_Dataset content_:
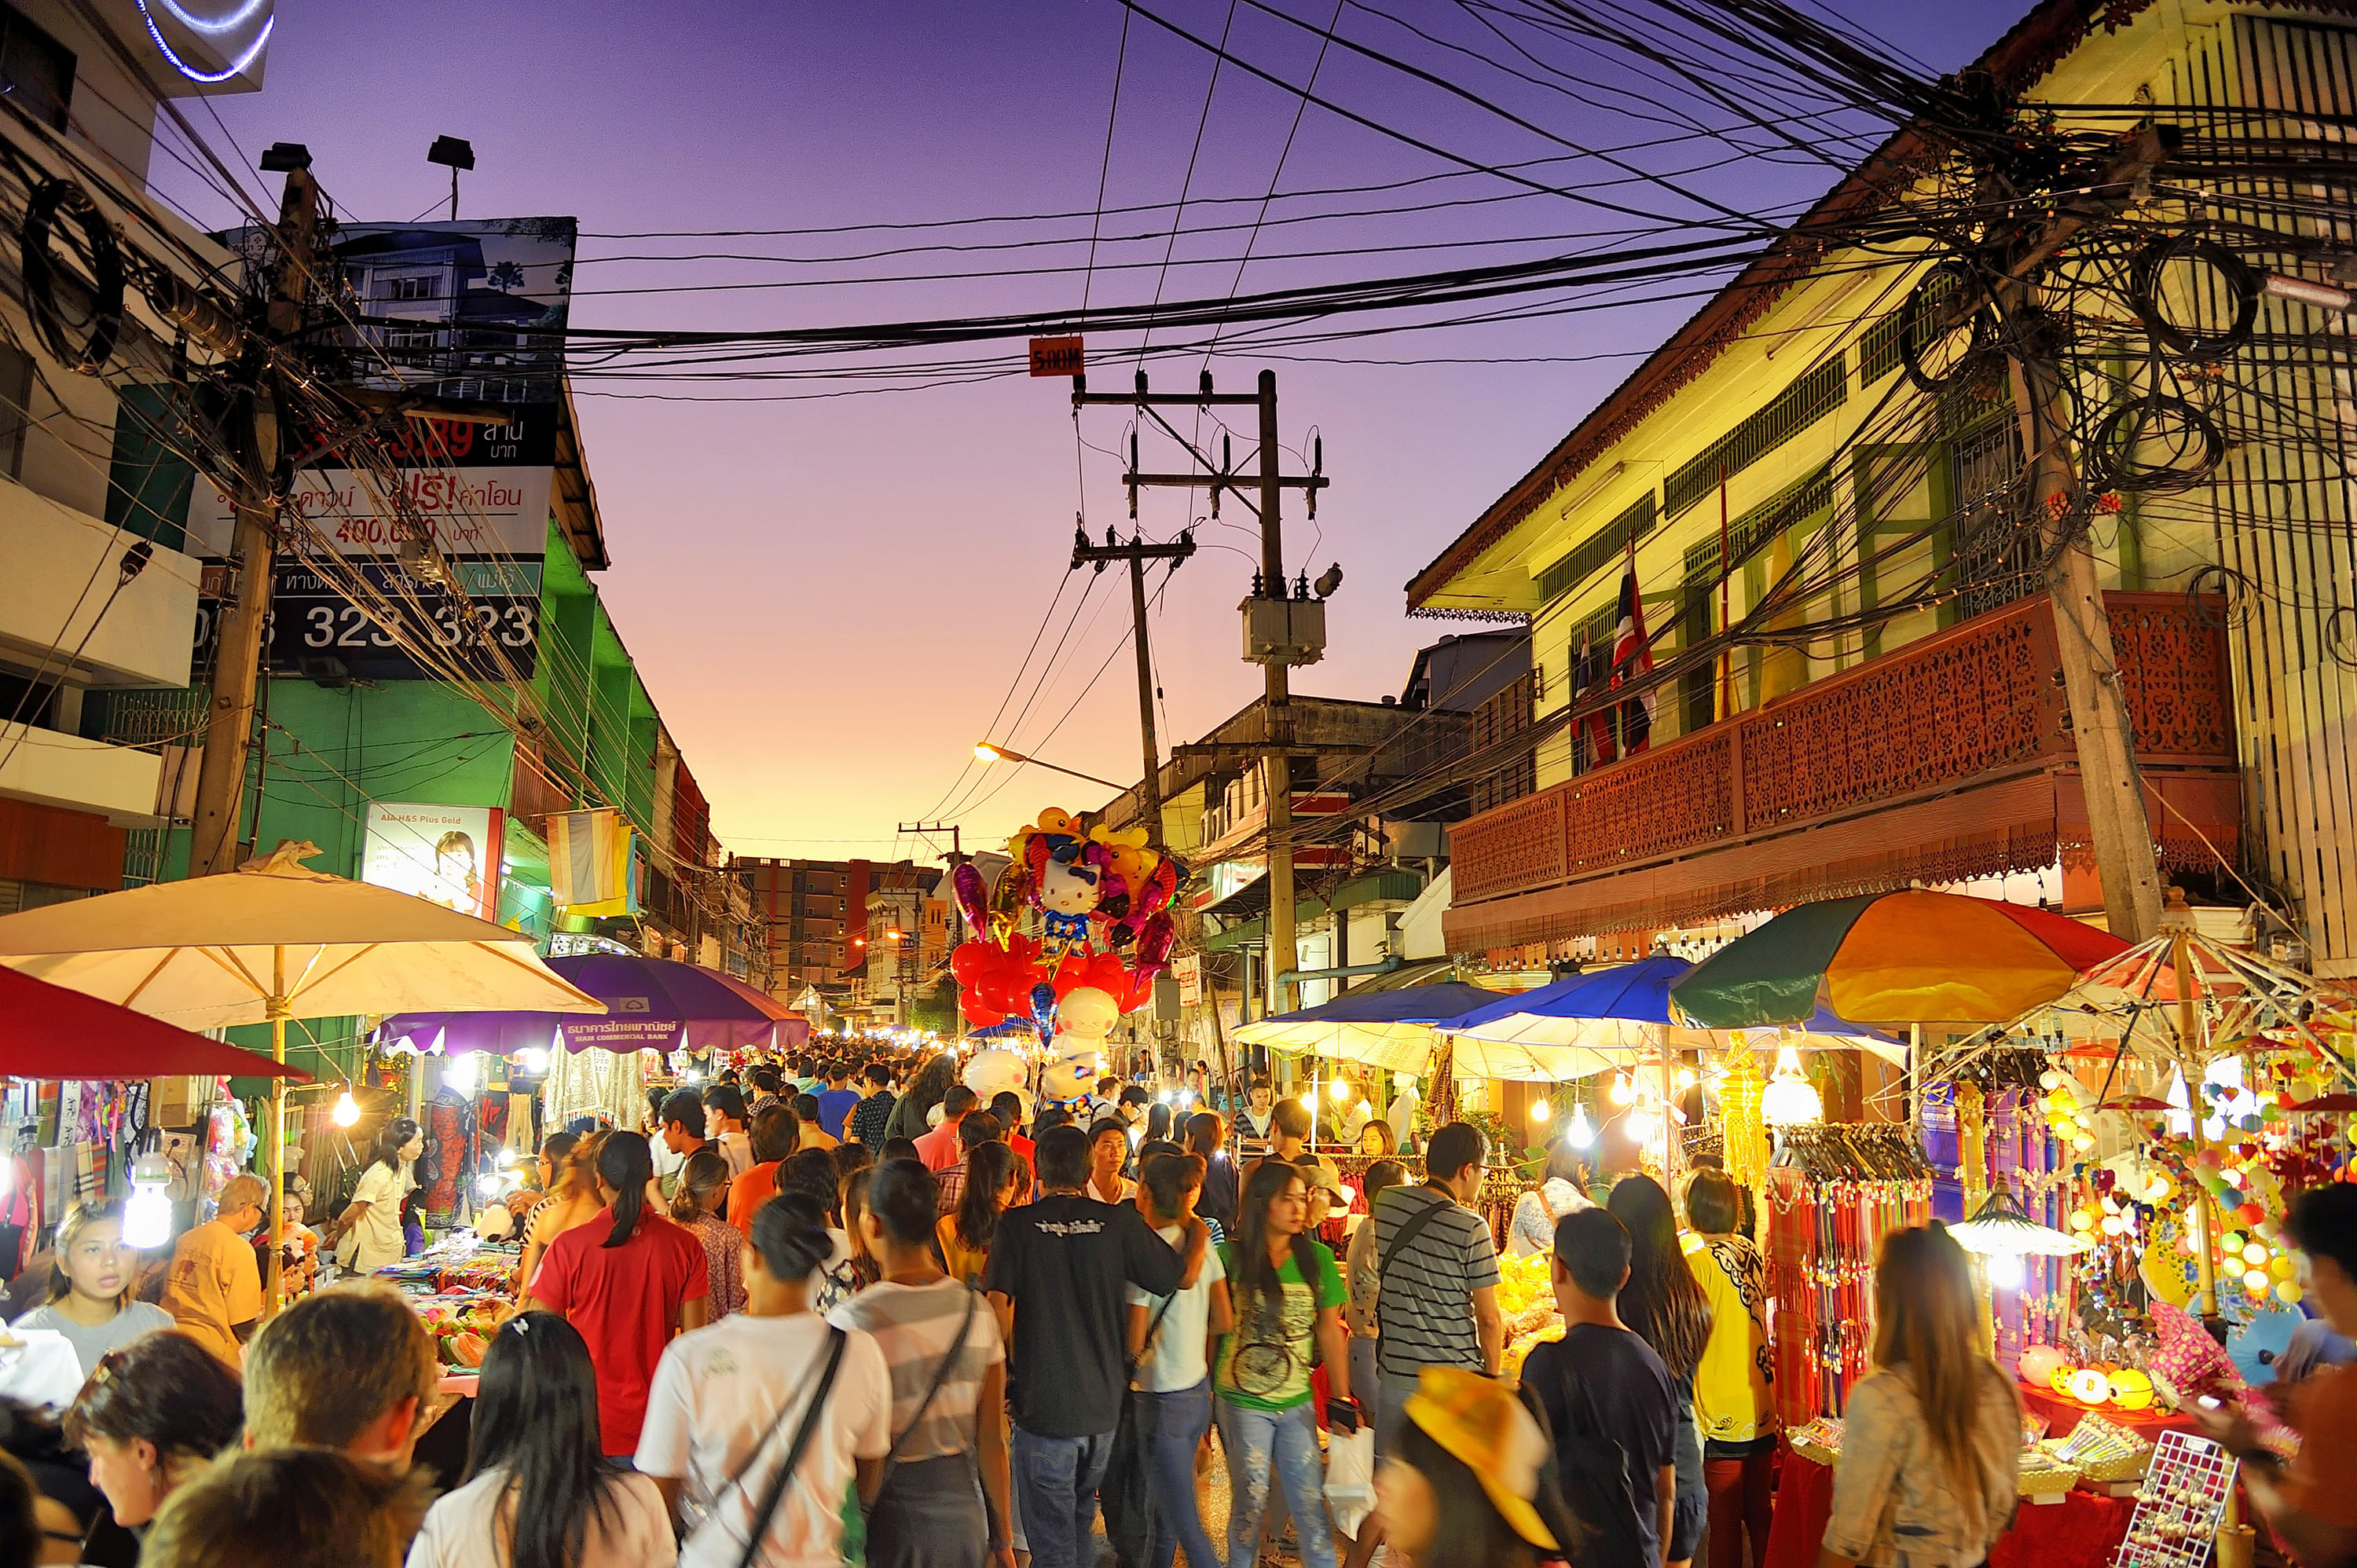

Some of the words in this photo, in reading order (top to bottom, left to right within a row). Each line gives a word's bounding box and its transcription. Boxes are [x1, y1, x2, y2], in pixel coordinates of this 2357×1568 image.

[490, 445, 516, 458] บาท
[304, 606, 403, 647] 323
[432, 605, 533, 647] 323
[442, 816, 461, 825] Gold
[567, 1020, 676, 1035] ธนาคารไทยพาณิชย์
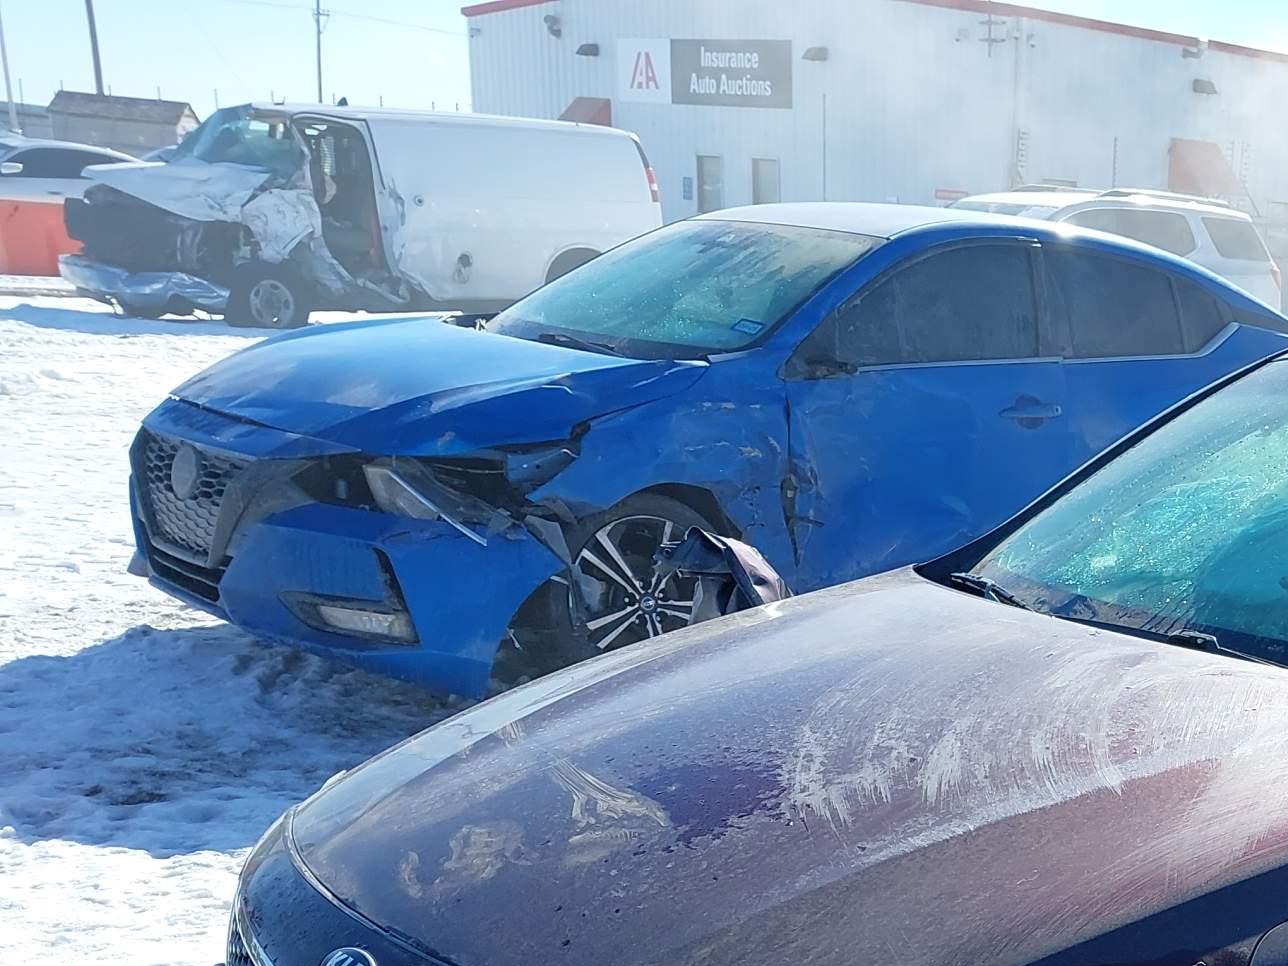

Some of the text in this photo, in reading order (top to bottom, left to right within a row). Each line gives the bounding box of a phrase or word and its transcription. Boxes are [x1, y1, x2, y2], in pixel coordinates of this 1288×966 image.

[700, 46, 759, 68] Insurance
[689, 73, 772, 97] Auto Auctions
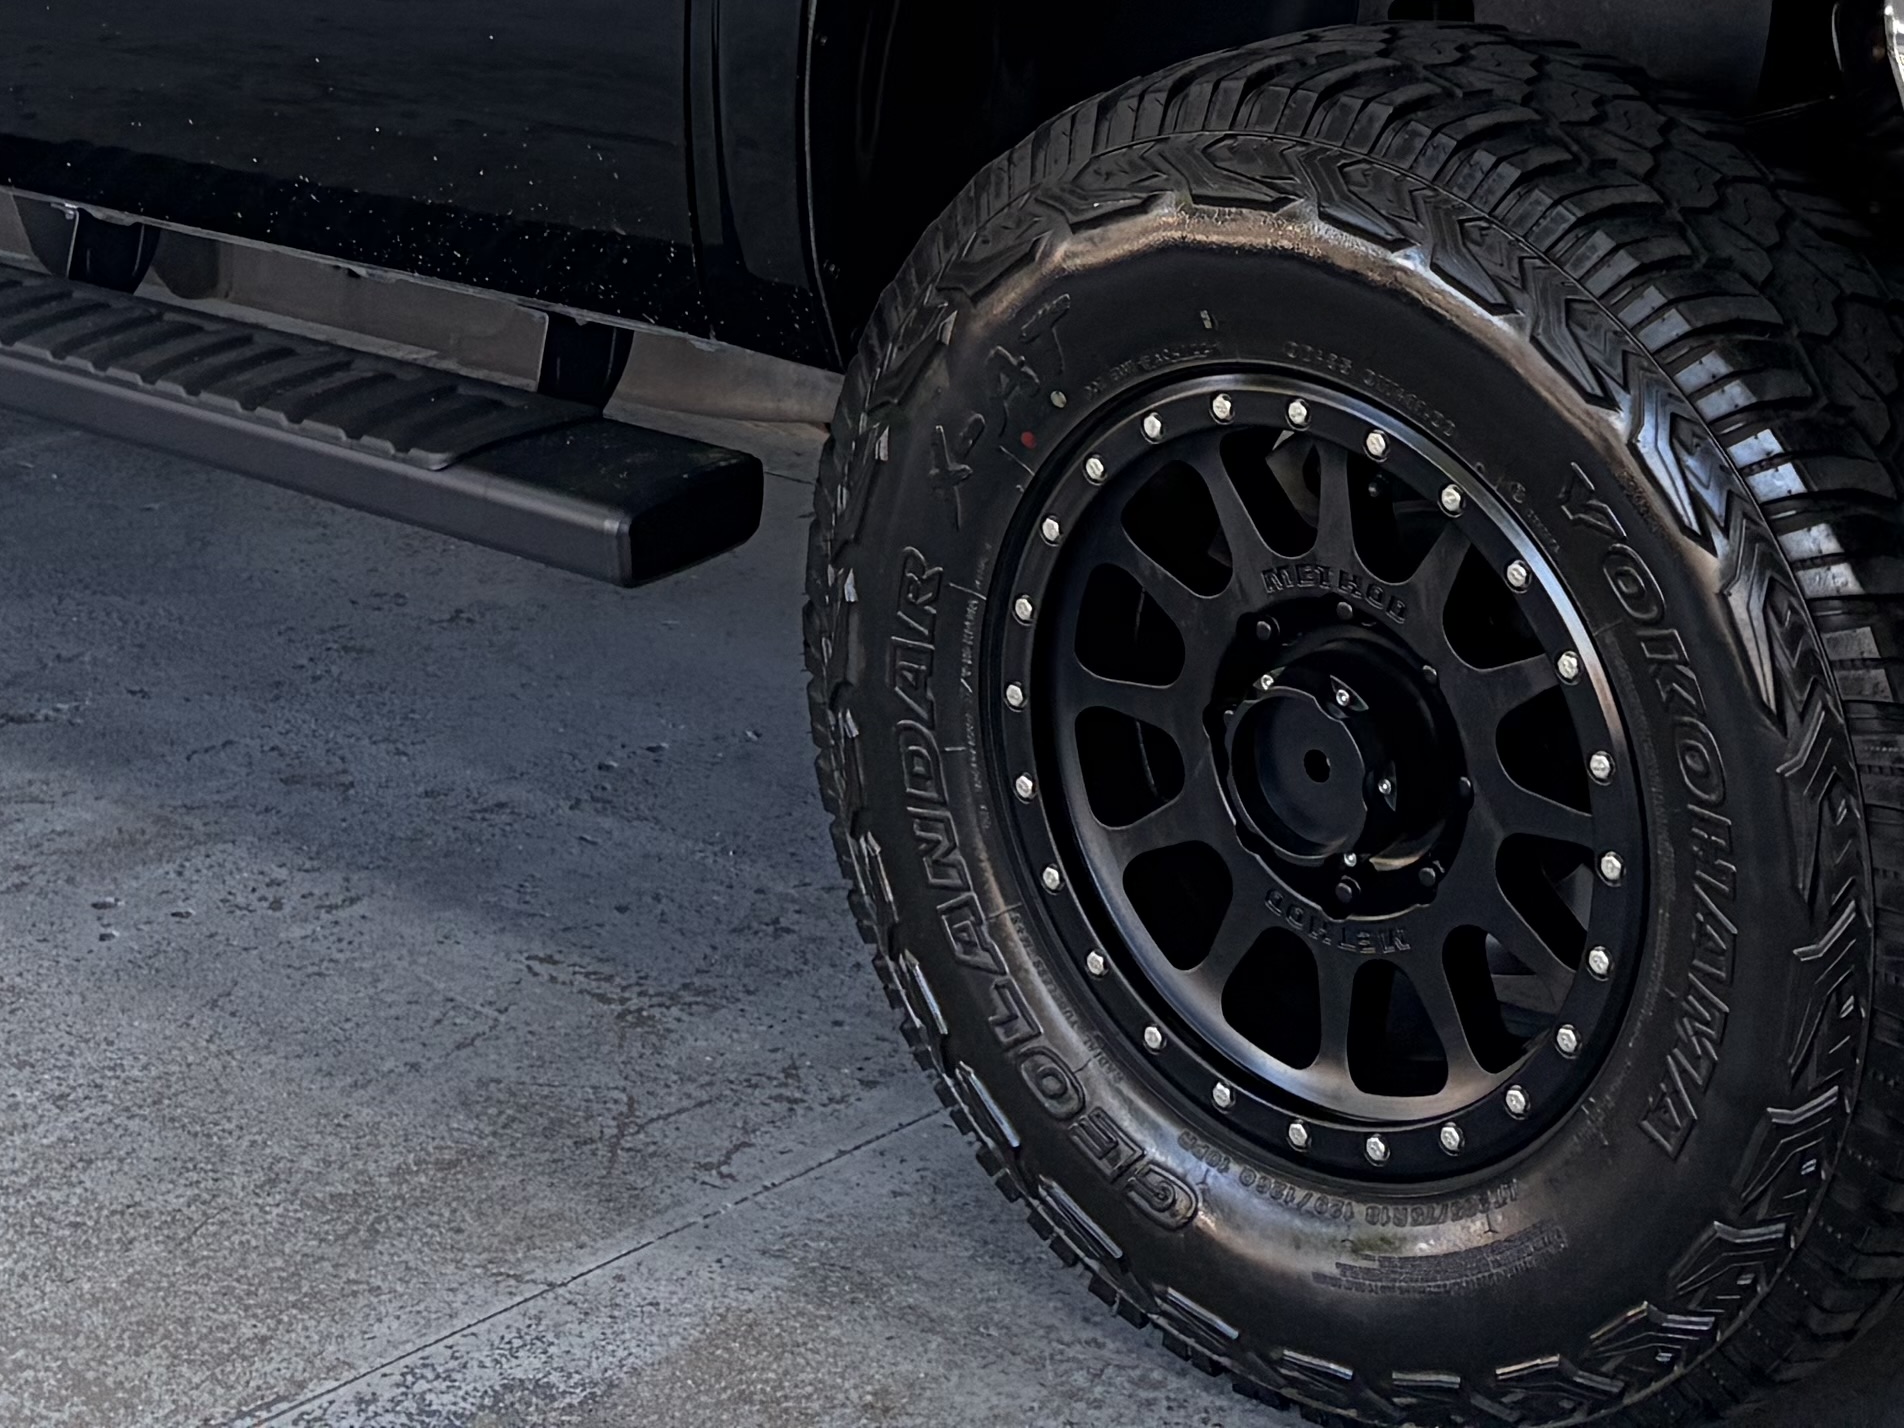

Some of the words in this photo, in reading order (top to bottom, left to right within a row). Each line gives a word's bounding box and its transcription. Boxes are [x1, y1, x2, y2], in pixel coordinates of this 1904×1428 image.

[1261, 564, 1408, 624] METHOD
[889, 544, 1200, 1231] GEOLANDAR
[1264, 888, 1411, 954] METHOD
[1558, 460, 1739, 1162] YOKOHAMA

_Task statement_:
Each entry above should be copied exactly. The pictures should not.

_Output for this task_:
Some of the words in this photo, in reading order (top to bottom, left to right within a row). Each line gives a word's bounding box and its transcription. Boxes are [x1, y1, x2, y2], in pixel coordinates of this 2357×1568 image.

[490, 445, 516, 458] บาท
[304, 606, 403, 647] 323
[432, 605, 533, 647] 323
[442, 816, 461, 825] Gold
[567, 1020, 676, 1035] ธนาคารไทยพาณิชย์

Some of the text in this photo, in reading order (top to bottom, left to right within a row). Each line gives the bounding box of a phrase or word and its transcription. Boxes are [x1, y1, x2, y2], in pixel coordinates of this 1288×966 image.

[700, 46, 759, 68] Insurance
[689, 73, 772, 97] Auto Auctions

Some of the words in this photo, in reading order (top to bottom, left to right within a row). Each line gives a word's bounding box and its transcription. Boxes are [x1, y1, x2, y2], in pixel coordinates of this 1904×1428 image.

[1261, 564, 1408, 624] METHOD
[889, 544, 1200, 1231] GEOLANDAR
[1264, 888, 1411, 954] METHOD
[1558, 460, 1739, 1162] YOKOHAMA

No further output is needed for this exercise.